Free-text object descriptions

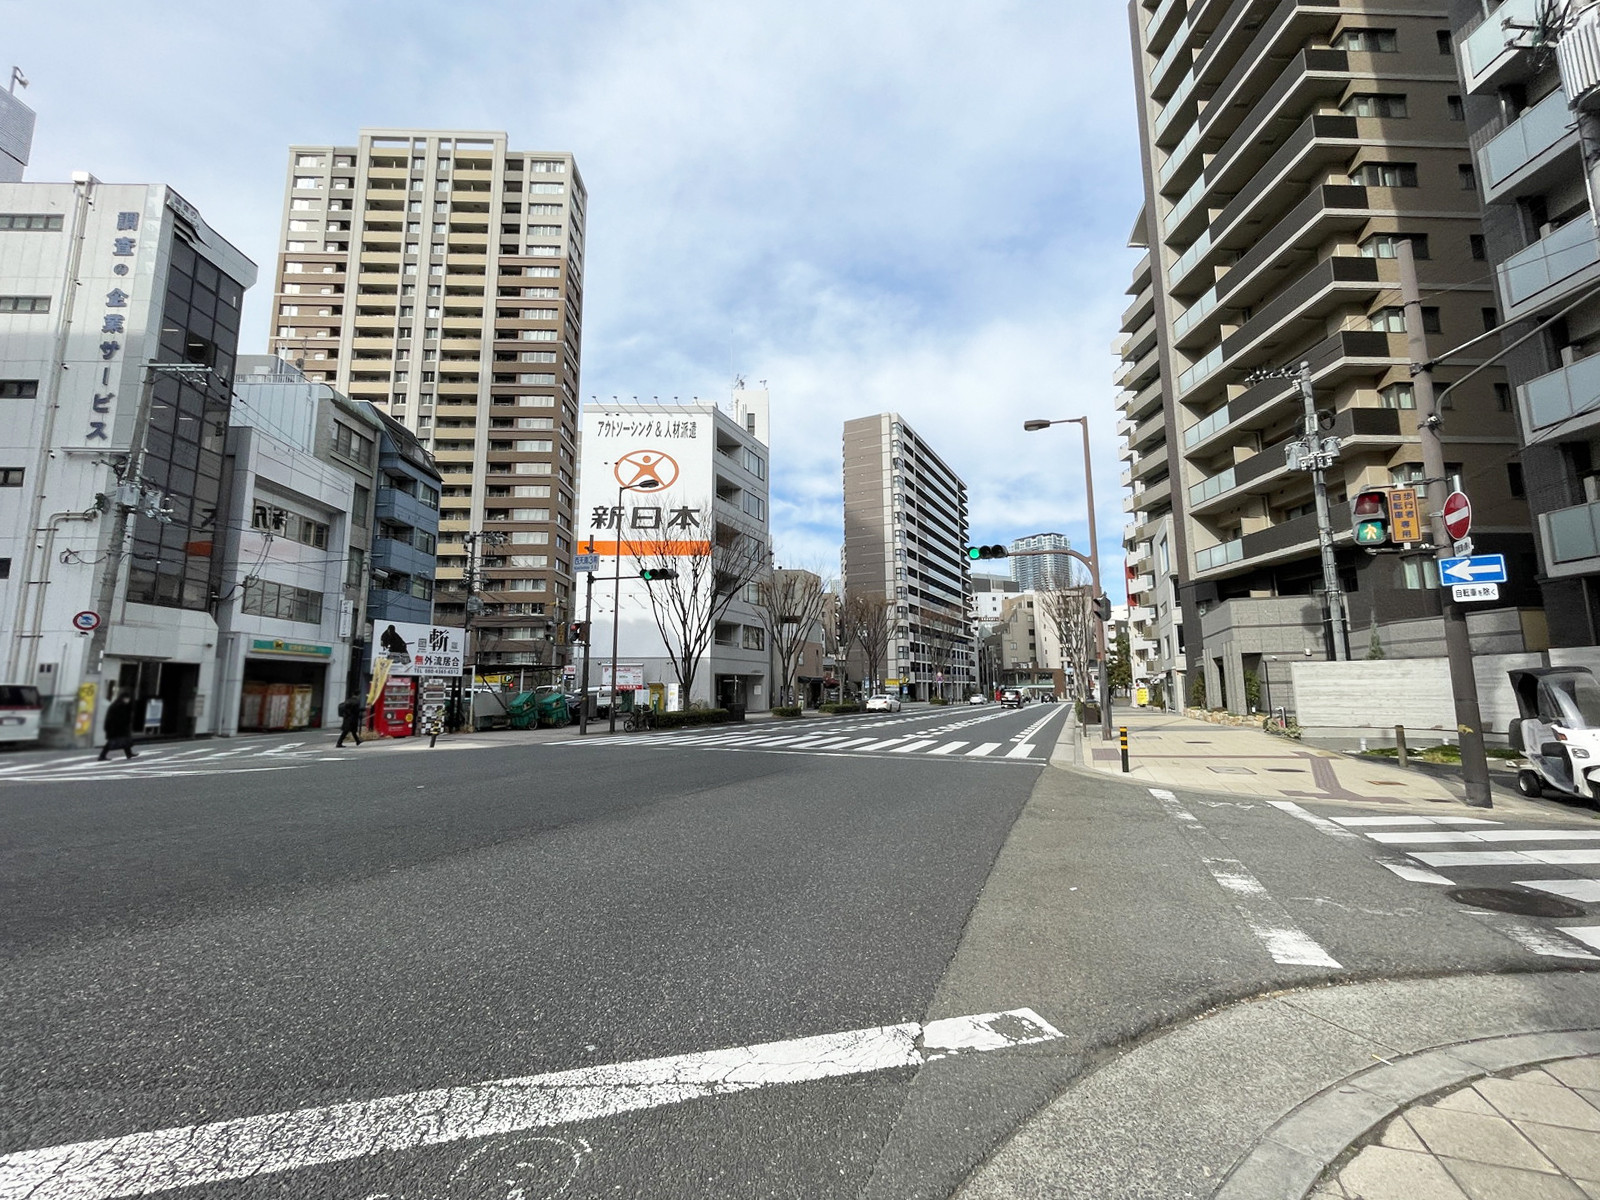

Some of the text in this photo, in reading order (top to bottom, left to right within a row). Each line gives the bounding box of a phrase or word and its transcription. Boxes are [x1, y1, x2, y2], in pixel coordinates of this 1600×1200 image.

[590, 506, 700, 530] 新日本
[1455, 587, 1496, 598] 自転車を除く
[414, 654, 460, 667] 無外流居合
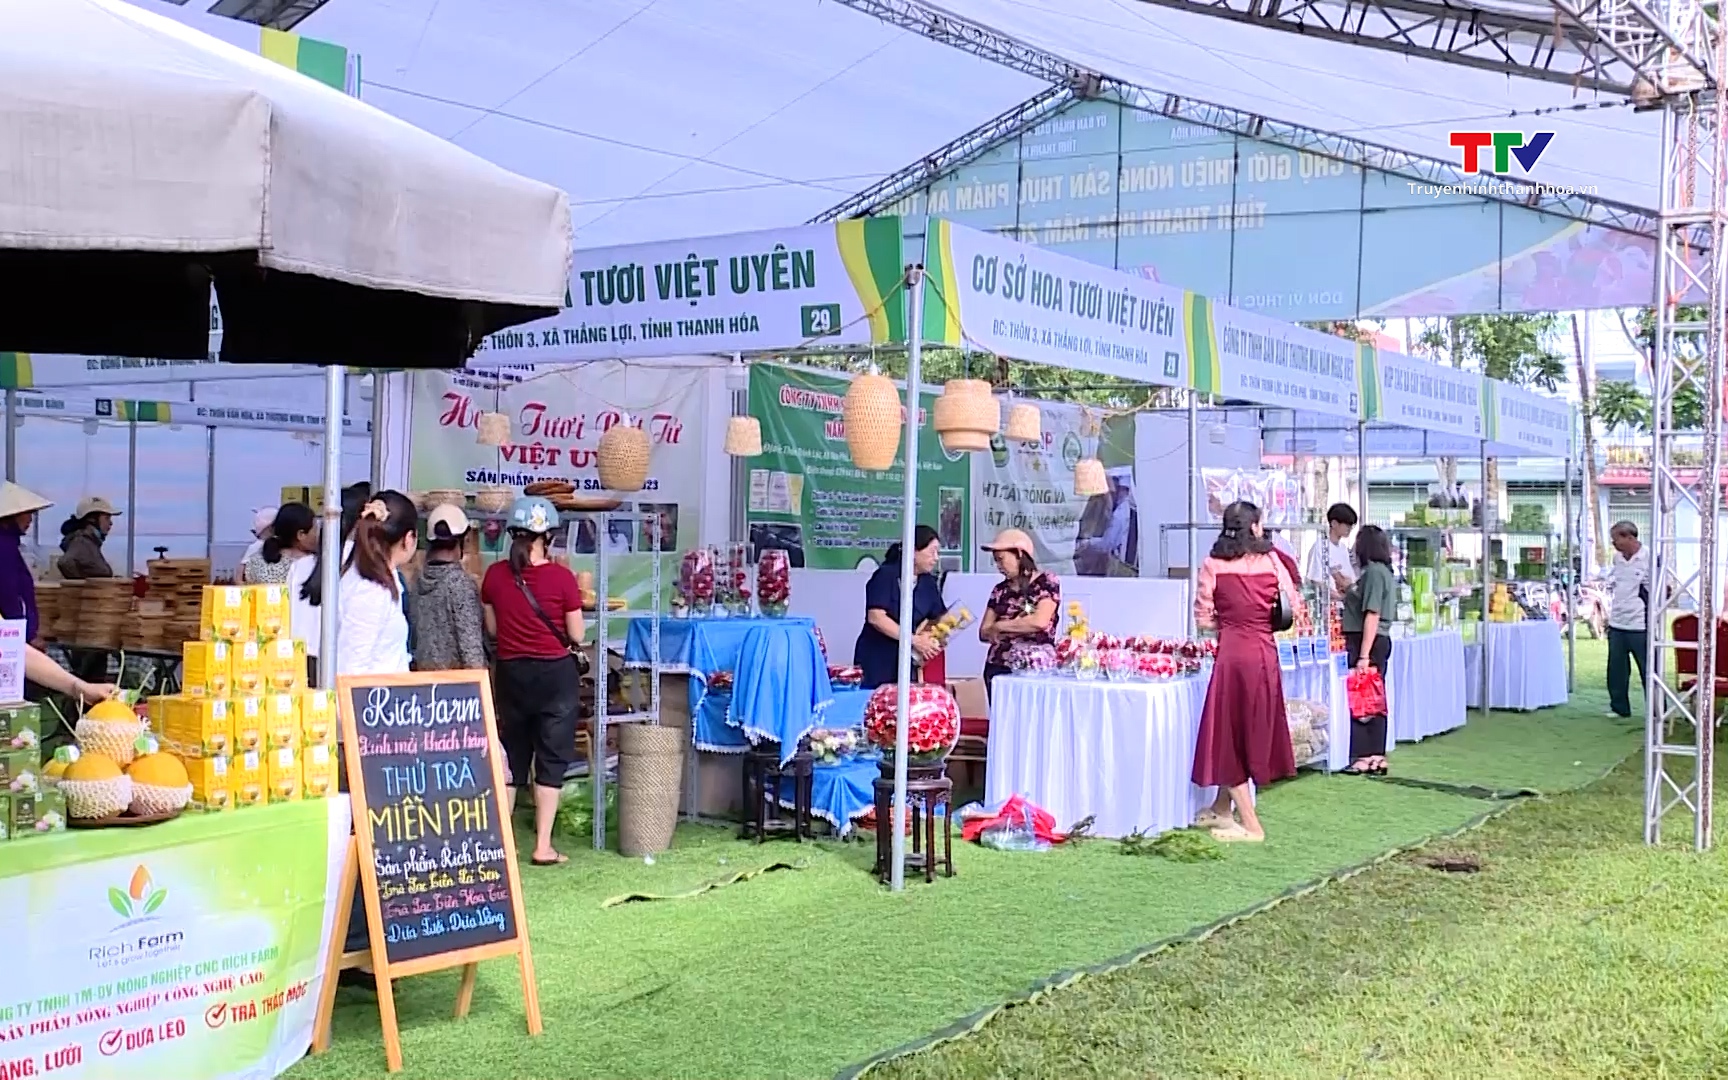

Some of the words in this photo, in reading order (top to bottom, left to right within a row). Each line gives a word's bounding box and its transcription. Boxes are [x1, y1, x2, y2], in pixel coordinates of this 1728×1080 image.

- PROBLEM DETAILS -
The reply has to reproduce every line above verbatim and contain no pictures.

- RESPONSE -
Some of the text in this photo, in reading order (top to bottom, left to right within a row). Each line gives the bounding box of a phrase or word and its transcription. Boxes are [x1, y1, x2, y2], in pixel coordinates of this 1600×1200 image.

[590, 506, 700, 530] 新日本
[1455, 587, 1496, 598] 自転車を除く
[414, 654, 460, 667] 無外流居合

Some of the words in this photo, in reading order (top to bottom, left to right within a row). Each line gives a word's bounding box and its transcription. Boxes are [x1, y1, x2, y2], in pixel coordinates of this 1728×1080 image.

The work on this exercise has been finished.